## Problem statement
Omit every picture while repeating the entries exactly.

- - -

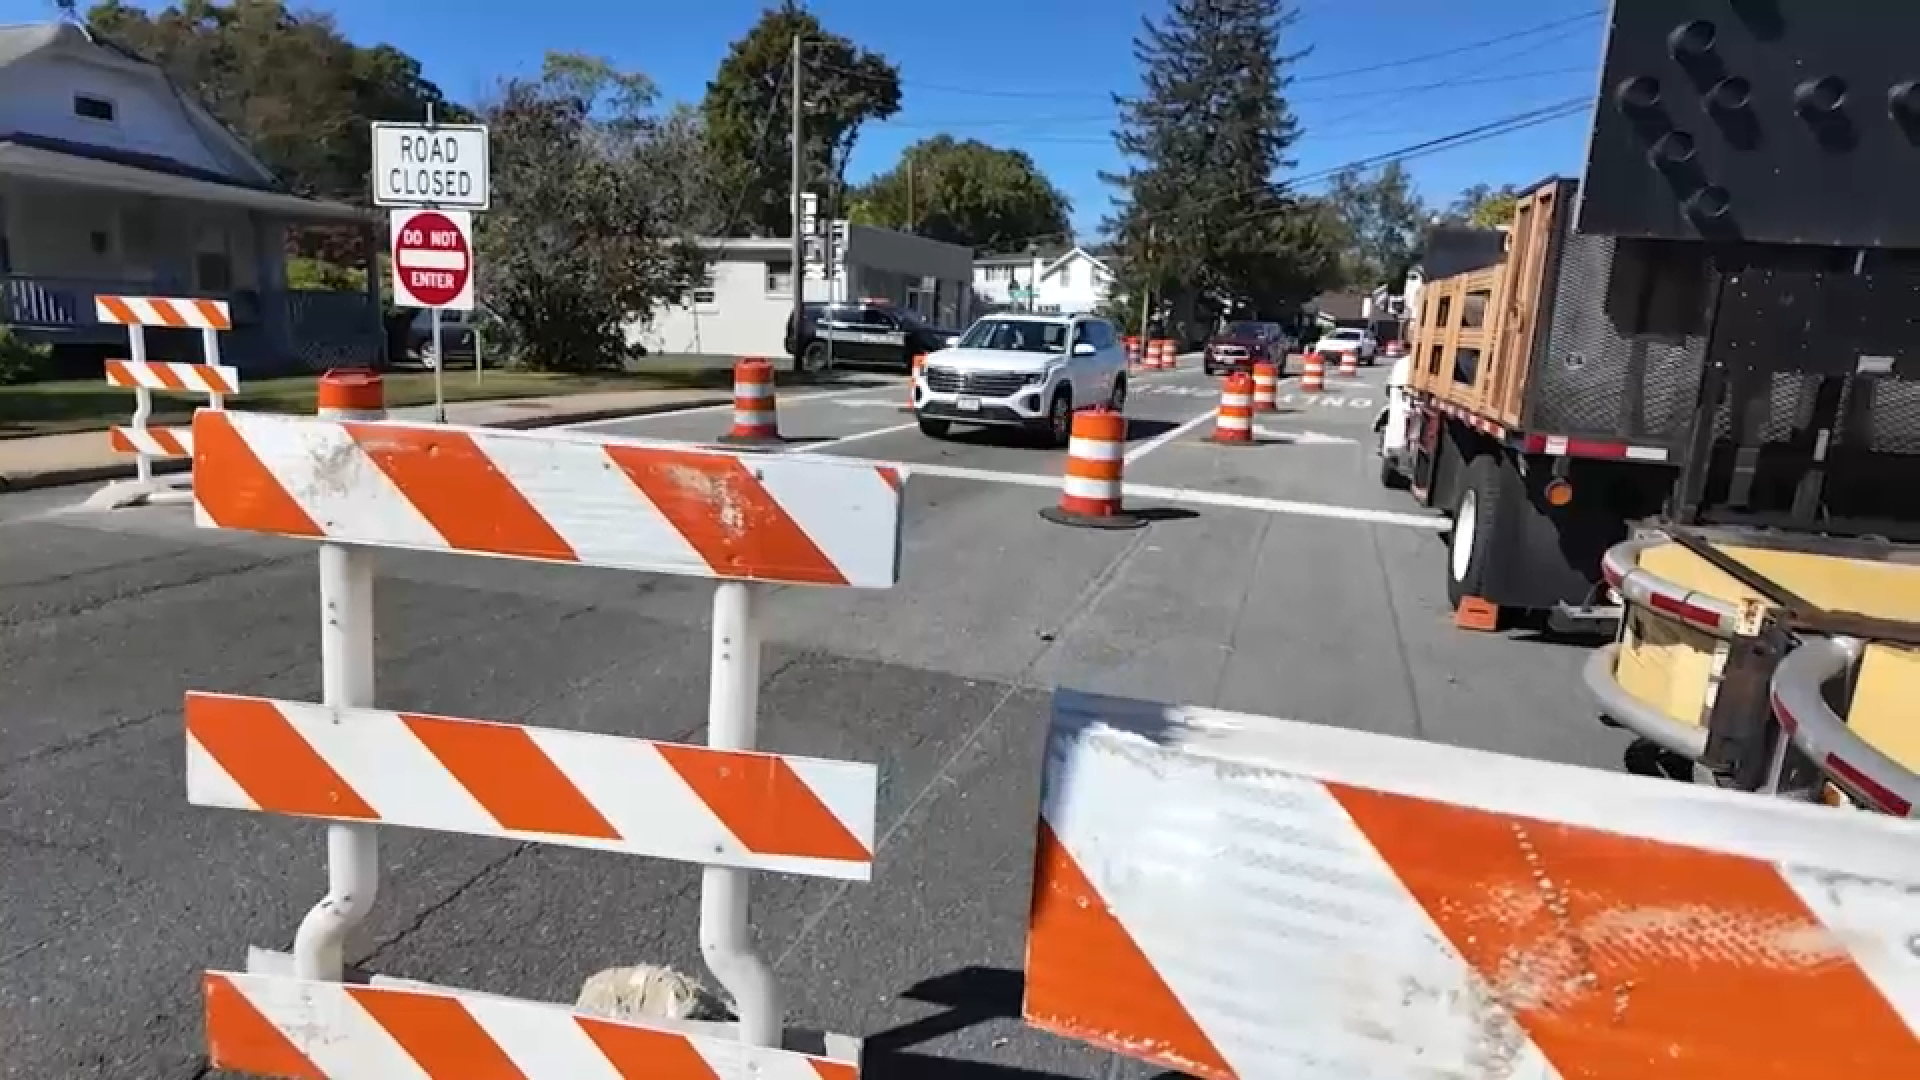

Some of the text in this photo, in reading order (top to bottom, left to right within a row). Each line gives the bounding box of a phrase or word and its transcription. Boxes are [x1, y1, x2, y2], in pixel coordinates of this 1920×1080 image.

[400, 135, 459, 163] ROAD
[390, 168, 471, 197] CLOSED
[403, 229, 457, 248] DO NOT
[411, 271, 455, 289] ENTER

- - -

## Reply
Some of the text in this photo, in reading order (top to bottom, left to right within a row). Each line gives the bounding box of a phrase or word and its transcription. Boxes are [x1, y1, x2, y2], in pixel coordinates of this 1920×1080 image.

[400, 135, 459, 163] ROAD
[390, 168, 471, 197] CLOSED
[403, 229, 457, 248] DO NOT
[411, 271, 455, 289] ENTER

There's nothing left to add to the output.